Whining does not sound whiny. At all. If someone upsets you, make sure you whine in author's notes, on Twitter, and on your blog. If you can afford one of those planes that will write it in the sky, do that, too. Whining impresses people, makes them see your side of things, and never annoys them. Ever.
The First Amendment applies to everything. Sure, the constitution says the government can’t make laws infringing on the freedom of speech, but what it means is that privately owned websites are required to let you post anything you want. You should sue those sites.
Your fic is amazing because your reviewers say it is. They are NOT fourteen year olds who have stayed up past their bedtimes. They are professional book critics, and they have discovered your genius.
Grammar and syntax are not important to the story. If someone points out an error or suggests you get a new beta, they are clearly sent by the devil. The only way to send them back to hell is by ranting about them to others.

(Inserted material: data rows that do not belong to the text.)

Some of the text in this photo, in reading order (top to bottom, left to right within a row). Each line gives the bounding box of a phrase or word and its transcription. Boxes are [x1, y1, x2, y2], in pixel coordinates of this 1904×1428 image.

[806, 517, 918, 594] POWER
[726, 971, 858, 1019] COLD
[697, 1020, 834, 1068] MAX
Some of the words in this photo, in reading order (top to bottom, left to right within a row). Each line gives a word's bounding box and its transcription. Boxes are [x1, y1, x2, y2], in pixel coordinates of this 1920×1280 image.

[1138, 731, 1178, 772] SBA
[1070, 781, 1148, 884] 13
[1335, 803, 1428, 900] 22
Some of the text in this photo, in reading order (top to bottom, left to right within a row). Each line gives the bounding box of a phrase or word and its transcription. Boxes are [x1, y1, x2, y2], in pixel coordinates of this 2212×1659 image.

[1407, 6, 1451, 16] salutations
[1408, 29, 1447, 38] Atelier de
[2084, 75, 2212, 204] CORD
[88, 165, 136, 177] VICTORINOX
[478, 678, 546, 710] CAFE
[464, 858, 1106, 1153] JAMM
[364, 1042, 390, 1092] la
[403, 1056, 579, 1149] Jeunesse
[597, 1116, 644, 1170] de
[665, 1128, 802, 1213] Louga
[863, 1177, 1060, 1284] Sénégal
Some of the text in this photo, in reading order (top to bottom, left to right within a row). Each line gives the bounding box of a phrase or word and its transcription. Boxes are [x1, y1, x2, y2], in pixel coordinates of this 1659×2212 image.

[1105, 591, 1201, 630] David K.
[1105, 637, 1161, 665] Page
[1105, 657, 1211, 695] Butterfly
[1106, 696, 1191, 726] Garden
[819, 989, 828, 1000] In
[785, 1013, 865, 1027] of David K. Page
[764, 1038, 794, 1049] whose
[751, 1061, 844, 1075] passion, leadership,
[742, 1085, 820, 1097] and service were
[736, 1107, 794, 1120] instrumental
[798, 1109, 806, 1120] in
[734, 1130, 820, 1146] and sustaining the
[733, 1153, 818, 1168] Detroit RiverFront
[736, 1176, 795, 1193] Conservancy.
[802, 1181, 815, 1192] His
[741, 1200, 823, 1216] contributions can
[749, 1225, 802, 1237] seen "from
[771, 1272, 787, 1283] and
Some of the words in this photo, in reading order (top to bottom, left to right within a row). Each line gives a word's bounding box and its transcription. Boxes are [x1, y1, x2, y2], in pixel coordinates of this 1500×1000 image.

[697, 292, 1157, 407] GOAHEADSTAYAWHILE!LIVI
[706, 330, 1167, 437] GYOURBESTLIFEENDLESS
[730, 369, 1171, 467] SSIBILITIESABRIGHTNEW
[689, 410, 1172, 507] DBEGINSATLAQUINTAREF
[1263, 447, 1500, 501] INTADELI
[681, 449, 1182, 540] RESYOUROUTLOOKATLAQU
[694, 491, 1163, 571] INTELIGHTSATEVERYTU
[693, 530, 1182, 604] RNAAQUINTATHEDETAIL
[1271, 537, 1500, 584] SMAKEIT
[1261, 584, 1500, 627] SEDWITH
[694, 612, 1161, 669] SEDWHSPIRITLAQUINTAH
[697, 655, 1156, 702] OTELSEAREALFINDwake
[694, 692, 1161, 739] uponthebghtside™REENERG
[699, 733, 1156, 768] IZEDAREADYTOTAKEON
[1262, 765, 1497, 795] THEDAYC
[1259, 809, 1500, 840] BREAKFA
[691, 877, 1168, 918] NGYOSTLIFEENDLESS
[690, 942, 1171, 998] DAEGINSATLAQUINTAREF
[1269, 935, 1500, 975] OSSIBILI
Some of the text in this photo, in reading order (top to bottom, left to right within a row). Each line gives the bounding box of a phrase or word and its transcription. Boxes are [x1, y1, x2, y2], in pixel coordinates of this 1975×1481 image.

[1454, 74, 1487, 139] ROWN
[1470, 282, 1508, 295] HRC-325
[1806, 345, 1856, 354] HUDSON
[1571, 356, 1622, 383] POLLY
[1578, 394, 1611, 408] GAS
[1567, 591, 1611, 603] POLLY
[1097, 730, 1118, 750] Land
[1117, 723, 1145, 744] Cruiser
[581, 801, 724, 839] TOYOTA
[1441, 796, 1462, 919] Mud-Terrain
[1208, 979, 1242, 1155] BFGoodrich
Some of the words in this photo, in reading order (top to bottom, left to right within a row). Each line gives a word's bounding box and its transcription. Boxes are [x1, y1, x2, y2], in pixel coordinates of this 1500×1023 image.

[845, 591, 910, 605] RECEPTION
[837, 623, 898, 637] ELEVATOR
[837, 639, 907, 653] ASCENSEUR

The “popular girls” are out to get you. They are not popular because people like them, but because people fear them. They even have secret meetings where they laugh at your attempts to bring them down. I know. I snuck into one.
Tanya is a nasty, stupid skank. If you write her character any other way, you are not only breaking fandom law, but also breaking the hearts of clumsy, doe-eyed, brown-haired girls everywhere. Yes, you are a big, fat meanie.
"Rated M for a reason” is all the warning your readers need. They understand your secret code and will immediately know what that reason is. Do not waste your words on anything except writing the story content that will send them back to therapy.